Aim Our study is aimed to evaluate the impact of SMAD4 expression on the clinical outcome of therapy for esophageal adenocarcinoma (EAC). Background & Methods Esophageal adenocarcinoma is characterized by a high genetic heterogeneity and a low survival rate, despite the adoption of aggressive therapies. We evaluated the expression of SMAD4, a tumor suppressor gene frequently mutated in cancer. by immunohistochemistry in 67 formalin-embedded (FFPE) EAC surgical specimens (patients were primarily treated with surgical resection-naïve cases), 34 of which were analyzed for SMAD4 gene by Next Generation Sequencing (NGS) with a dedicated target panel.

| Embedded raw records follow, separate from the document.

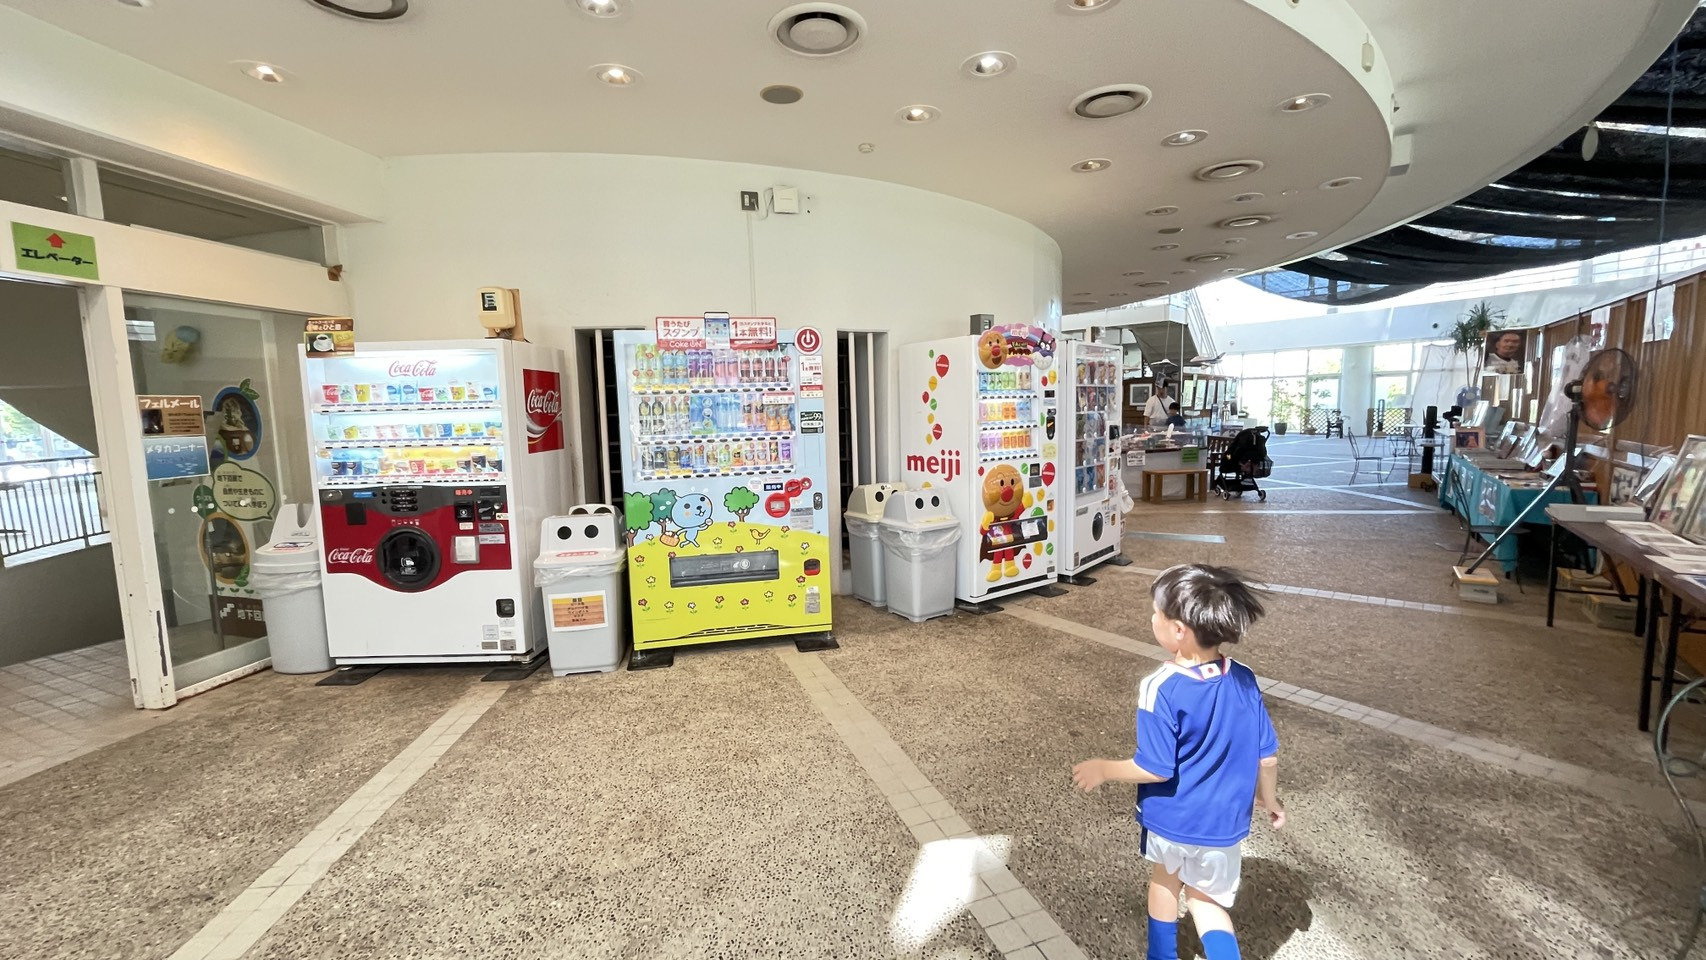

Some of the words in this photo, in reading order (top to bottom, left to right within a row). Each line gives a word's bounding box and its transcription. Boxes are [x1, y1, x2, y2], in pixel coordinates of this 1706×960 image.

[20, 247, 94, 266] エレベーター
[663, 328, 700, 337] スタンプ
[388, 359, 438, 378] Coca-Cola
[139, 398, 201, 409] フェルメール
[527, 388, 560, 414] Coca-Cola
[906, 449, 960, 482] meiji
[328, 548, 375, 564] Coca-Cola

Loss of SMAD4 protein was defined by a complete loss of expression in least 30% of cancer cells. Survival curves were determined using Kaplan–Meier methods. Results Loss of SMAD4 immunoreactivity was found in 33 out of 67 EAC cases (49.3%). Among a subset of 34 cases assessed in NGS, SMAD4 mutations were found in 3 cases (8.8%), all associated with protein loss. Loss of SMAD4 expression was also found in several cases with no mutations in SMAD4 gene (17/34, 50%). Loss of SMAD4 immunoreactivity was associated with poor overall survival (p=0.013) and higher risk of recurrence (p=0.001). Conclusion Loss of SMAD4 expression was a recurrent event in EAC, linked with genetic mutations in few cases, whereas in the majority of cases it might be related to epigenetic mechanisms, such as promoter hypermethylation. SMAD4 loss was strongly associated with recurrence and poor survival in patients, suggesting SMAD4 expression as potential prognostic biomarker in EAC. Further studies are required to develop strategic therapeutic options directly targeting SMAD4 and/or its regulators.